Produce a verbatim transcription of the entries, with all pictures omitted.

_Entries provided:_
[Start of section]
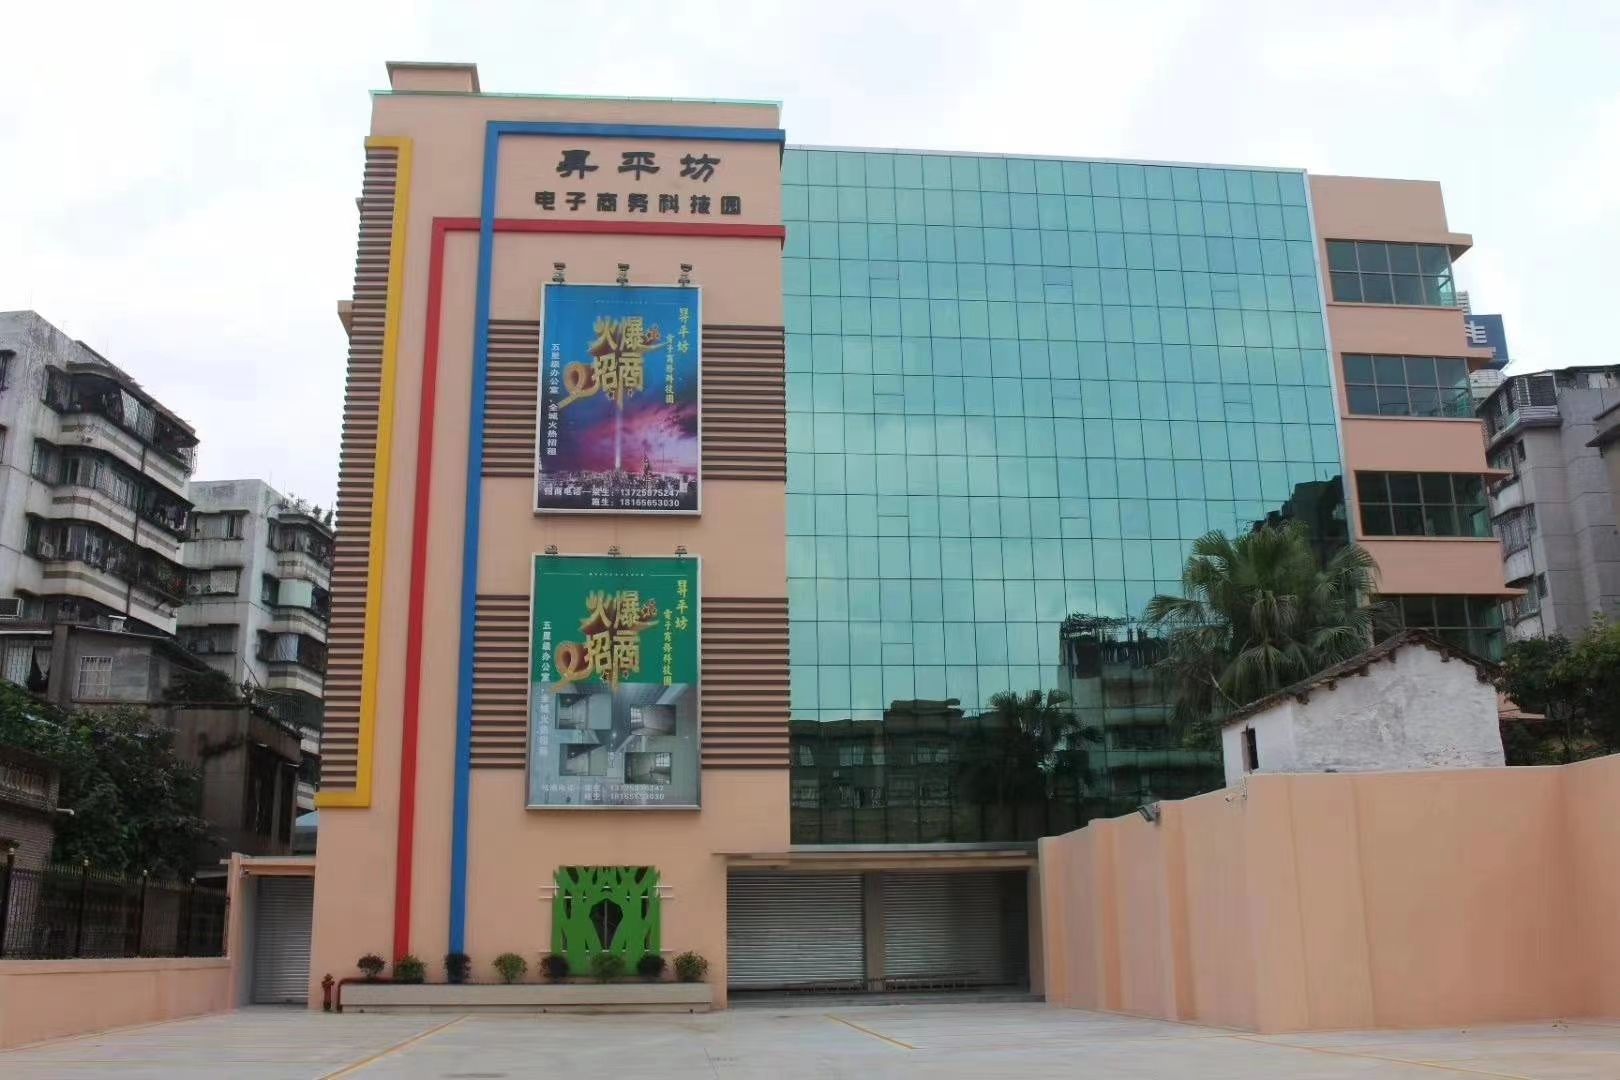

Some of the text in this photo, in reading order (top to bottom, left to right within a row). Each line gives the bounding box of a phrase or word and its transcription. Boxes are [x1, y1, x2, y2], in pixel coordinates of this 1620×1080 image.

[556, 149, 721, 183] 昇平坊
[534, 190, 742, 216] 电子商务科技园
[590, 316, 646, 352] 火爆
[579, 589, 640, 628] 火爆
[End of section]
_The answer:_
Some of the text in this photo, in reading order (top to bottom, left to right within a row). Each line gives the bounding box of a phrase or word and its transcription. Boxes are [x1, y1, x2, y2], in pixel coordinates of this 1620×1080 image.

[556, 149, 721, 183] 昇平坊
[534, 190, 742, 216] 电子商务科技园
[590, 316, 646, 352] 火爆
[579, 589, 640, 628] 火爆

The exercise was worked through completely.